I have had to face some complex issues regarding my work (employer sponsored 457) and wish to seek help.

I was initially chosen to work in Australia on an employee nominated visa (457) in Sep 2011. Things were moving fine till Dec and till that stage I had got my visa stamped as well. However, on 23rd Dec 2011 my employer told me that my role no longer exists and as per DIAC guidelines they sent an email to Immigration Dept the same day asking them to cancel my visa.
(note: Incidentally, my spouse also works in the same company and is travelling to Australia on another assignment under an independent 457)

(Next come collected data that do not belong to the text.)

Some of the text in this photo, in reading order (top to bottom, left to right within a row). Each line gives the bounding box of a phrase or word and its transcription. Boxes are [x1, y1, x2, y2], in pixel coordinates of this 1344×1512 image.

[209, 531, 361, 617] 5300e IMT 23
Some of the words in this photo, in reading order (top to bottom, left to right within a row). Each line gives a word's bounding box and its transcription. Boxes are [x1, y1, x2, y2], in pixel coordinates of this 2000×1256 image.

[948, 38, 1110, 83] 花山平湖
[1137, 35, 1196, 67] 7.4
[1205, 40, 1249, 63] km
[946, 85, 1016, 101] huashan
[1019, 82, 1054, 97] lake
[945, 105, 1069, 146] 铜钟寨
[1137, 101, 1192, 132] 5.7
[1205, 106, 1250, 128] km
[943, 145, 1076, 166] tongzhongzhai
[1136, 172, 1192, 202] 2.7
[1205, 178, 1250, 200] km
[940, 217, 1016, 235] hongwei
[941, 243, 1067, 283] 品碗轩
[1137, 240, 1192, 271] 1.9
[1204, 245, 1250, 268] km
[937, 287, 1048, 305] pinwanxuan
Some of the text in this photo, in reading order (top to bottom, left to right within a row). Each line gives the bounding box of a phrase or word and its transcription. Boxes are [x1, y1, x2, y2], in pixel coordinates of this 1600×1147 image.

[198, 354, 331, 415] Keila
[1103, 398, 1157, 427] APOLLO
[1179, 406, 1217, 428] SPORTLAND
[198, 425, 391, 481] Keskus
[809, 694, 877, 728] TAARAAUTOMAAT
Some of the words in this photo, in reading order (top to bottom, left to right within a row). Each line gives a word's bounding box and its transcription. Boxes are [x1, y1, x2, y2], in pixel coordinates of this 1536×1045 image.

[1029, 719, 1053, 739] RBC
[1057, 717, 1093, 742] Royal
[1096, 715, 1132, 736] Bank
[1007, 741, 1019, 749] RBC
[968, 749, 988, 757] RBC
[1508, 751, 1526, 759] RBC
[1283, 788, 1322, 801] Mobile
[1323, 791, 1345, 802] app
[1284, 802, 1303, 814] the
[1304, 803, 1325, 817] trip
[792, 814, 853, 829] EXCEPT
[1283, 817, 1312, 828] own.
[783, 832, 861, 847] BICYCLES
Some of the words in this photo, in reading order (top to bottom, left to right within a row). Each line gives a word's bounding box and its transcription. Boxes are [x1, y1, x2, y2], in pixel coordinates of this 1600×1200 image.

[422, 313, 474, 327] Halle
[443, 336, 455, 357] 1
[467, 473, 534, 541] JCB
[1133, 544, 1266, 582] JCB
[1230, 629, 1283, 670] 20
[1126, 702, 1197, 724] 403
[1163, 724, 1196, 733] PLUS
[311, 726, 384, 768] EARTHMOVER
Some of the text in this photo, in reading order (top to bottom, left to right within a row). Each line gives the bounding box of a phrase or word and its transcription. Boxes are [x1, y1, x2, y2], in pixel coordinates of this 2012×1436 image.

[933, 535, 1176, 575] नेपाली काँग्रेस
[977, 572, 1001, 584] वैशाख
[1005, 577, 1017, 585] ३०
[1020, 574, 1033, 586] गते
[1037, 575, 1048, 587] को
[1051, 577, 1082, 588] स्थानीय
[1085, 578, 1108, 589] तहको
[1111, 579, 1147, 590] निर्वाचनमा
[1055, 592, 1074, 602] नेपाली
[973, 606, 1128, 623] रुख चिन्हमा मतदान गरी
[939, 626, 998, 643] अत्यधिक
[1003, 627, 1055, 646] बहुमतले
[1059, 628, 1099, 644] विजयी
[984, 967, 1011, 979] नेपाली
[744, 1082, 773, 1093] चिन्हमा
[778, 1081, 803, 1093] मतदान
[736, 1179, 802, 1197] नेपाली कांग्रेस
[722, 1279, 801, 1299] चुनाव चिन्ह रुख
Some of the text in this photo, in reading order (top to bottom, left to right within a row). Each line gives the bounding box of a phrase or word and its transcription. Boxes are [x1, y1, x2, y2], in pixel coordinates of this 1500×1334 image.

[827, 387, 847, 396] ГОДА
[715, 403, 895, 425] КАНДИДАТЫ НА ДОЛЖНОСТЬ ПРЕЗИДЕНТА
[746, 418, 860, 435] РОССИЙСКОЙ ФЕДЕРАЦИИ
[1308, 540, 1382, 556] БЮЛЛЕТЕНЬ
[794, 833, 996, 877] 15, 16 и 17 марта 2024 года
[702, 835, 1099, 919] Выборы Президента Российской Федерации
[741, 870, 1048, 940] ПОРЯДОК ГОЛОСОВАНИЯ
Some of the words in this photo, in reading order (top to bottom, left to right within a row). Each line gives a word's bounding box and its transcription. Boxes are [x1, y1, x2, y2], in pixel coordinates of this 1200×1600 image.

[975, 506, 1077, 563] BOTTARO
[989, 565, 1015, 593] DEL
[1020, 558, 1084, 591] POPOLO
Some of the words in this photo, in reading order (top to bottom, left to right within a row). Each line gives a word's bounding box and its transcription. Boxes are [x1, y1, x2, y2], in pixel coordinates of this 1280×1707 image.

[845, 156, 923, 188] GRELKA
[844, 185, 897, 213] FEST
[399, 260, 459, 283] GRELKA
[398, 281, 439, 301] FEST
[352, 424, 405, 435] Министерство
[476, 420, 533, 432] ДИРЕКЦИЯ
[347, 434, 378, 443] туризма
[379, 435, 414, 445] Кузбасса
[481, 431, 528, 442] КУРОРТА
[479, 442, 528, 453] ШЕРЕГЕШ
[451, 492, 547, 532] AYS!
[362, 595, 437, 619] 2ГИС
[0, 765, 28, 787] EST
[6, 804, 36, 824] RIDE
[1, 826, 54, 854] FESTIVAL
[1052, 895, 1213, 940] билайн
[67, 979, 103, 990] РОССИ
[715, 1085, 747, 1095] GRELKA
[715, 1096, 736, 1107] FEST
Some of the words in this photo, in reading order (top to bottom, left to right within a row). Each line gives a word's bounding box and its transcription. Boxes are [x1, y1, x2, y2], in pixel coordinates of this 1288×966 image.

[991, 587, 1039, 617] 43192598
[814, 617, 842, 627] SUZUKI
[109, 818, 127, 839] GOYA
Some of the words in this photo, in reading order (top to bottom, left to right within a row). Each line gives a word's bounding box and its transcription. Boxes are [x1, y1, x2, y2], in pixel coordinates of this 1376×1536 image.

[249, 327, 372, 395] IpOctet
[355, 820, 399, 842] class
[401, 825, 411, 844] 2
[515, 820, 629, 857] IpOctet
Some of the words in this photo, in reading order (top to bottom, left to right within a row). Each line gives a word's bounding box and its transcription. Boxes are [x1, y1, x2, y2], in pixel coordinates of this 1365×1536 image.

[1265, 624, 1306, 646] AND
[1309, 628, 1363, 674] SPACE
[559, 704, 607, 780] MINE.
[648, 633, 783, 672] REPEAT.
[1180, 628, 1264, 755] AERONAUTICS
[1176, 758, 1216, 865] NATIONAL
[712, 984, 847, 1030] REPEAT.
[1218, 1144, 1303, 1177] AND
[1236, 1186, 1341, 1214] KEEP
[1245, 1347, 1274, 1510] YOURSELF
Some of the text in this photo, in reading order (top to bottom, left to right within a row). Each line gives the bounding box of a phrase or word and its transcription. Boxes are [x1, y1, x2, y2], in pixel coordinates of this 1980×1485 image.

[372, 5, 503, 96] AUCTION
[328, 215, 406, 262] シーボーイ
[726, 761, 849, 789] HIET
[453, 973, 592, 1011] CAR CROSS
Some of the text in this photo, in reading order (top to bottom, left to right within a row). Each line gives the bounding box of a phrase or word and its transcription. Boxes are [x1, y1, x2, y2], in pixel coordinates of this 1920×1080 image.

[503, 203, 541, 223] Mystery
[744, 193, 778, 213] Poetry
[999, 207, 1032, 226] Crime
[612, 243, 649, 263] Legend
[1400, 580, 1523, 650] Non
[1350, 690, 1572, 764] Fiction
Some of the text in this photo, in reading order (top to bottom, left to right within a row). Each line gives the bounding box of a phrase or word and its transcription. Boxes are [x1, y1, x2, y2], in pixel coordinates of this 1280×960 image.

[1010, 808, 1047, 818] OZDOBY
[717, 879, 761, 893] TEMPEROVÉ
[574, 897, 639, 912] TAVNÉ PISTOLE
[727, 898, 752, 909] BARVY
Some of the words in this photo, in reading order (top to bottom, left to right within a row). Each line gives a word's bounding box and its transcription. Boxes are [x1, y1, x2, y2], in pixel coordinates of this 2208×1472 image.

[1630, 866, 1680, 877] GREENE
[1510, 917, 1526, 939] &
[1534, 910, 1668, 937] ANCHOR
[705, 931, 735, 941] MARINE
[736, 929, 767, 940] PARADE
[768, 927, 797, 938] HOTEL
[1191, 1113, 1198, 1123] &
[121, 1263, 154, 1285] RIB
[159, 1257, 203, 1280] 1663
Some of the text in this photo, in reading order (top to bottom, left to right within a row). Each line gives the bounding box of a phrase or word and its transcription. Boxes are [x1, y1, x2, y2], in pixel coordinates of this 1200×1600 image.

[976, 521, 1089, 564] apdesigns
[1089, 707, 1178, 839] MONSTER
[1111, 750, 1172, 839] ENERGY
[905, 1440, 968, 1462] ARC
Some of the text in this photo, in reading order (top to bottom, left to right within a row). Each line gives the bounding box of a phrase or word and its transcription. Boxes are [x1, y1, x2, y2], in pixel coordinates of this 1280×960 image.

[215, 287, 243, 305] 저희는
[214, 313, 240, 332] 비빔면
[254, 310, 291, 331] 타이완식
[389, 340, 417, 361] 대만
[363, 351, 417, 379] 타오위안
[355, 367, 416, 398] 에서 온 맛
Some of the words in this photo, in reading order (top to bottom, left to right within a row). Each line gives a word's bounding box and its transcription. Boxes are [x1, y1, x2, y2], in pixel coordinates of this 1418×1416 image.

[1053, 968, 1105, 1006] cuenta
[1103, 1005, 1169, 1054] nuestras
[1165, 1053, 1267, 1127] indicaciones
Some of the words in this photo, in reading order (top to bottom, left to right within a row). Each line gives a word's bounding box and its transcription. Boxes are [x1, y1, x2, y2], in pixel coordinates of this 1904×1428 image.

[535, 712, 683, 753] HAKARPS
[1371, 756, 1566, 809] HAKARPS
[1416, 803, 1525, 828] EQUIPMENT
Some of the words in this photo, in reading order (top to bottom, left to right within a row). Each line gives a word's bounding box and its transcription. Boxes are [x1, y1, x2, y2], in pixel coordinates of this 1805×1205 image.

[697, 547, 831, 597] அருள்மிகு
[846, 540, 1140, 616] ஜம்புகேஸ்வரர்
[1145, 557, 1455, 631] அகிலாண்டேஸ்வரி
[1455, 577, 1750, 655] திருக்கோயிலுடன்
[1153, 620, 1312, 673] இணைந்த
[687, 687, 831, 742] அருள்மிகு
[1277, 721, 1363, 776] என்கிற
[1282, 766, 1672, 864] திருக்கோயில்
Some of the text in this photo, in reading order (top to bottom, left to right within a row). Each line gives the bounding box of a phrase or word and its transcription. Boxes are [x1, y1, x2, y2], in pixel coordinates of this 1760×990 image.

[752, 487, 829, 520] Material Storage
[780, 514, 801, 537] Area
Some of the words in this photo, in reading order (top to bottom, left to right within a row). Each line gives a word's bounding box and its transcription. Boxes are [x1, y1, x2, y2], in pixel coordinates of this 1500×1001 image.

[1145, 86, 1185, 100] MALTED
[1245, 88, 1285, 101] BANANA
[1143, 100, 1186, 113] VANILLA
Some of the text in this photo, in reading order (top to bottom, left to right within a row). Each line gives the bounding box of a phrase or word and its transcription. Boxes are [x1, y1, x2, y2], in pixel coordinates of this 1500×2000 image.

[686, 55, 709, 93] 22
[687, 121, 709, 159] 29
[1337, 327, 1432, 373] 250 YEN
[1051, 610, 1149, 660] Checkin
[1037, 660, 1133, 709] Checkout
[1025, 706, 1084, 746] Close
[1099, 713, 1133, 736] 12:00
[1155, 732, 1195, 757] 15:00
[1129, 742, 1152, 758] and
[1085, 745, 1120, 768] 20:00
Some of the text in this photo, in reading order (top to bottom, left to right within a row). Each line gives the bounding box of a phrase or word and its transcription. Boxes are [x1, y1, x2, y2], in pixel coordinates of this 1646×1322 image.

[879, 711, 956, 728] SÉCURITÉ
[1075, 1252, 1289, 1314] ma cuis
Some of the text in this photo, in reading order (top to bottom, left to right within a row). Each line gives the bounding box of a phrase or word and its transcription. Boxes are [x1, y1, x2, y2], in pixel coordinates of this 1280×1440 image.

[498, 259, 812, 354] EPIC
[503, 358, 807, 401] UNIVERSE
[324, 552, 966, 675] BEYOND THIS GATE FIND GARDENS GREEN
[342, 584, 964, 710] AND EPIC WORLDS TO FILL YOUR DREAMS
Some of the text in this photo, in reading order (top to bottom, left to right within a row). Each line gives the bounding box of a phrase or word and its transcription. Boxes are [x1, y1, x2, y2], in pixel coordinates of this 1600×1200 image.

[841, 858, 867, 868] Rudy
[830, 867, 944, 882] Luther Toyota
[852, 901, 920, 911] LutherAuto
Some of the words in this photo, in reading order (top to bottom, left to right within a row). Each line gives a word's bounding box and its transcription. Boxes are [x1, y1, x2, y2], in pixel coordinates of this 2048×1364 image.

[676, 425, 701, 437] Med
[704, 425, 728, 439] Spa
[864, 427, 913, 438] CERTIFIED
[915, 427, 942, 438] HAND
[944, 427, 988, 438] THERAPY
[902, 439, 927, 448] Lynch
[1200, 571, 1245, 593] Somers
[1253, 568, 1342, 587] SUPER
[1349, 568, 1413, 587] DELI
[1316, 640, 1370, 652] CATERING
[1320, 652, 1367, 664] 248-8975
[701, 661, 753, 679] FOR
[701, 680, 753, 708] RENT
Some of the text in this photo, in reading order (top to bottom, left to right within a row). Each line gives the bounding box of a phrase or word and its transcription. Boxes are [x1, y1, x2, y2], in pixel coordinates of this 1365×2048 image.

A few weeks back, my employer asked me about another opportunity in Australia. However, they informed me that since they had dropped an email in Dec for cancelling my 457 visa, I was discouraged to apply again (on the grounds that it may take a lot of time to process) and was asked to apply for a spouse or a dependent 457. At this stage I have two questions:

a. On the DIAC website: there is a VEVO service to check the status of an existing visa. I queried for my earlier 457 visa and its status mentions that it is still in effect. Am not sure why my employer asked me to apply for a spouse visa if my independent visa is still not being shown as cancelled.

b. I have also applied for a dependent visa in the meantime (on 3rd Feb) and was wondering how much time does it generally takes to process a spouse visa. My independent visa processing took about 3 weeks.


----------



## Guest (Feb 8, 2012)

It could be DIAC haven't actually updated their systems yet or even read the email to cancel your visa, but as soon as they do your visa will be cancelled!

But any reason your employer doesn't want to offer you your own visa. Not that you need it if you can be dependent on your spouse BUT to me it rings alaram bells! In that they might want to not pay you market rate? Don't want to help with medical or repatriation? 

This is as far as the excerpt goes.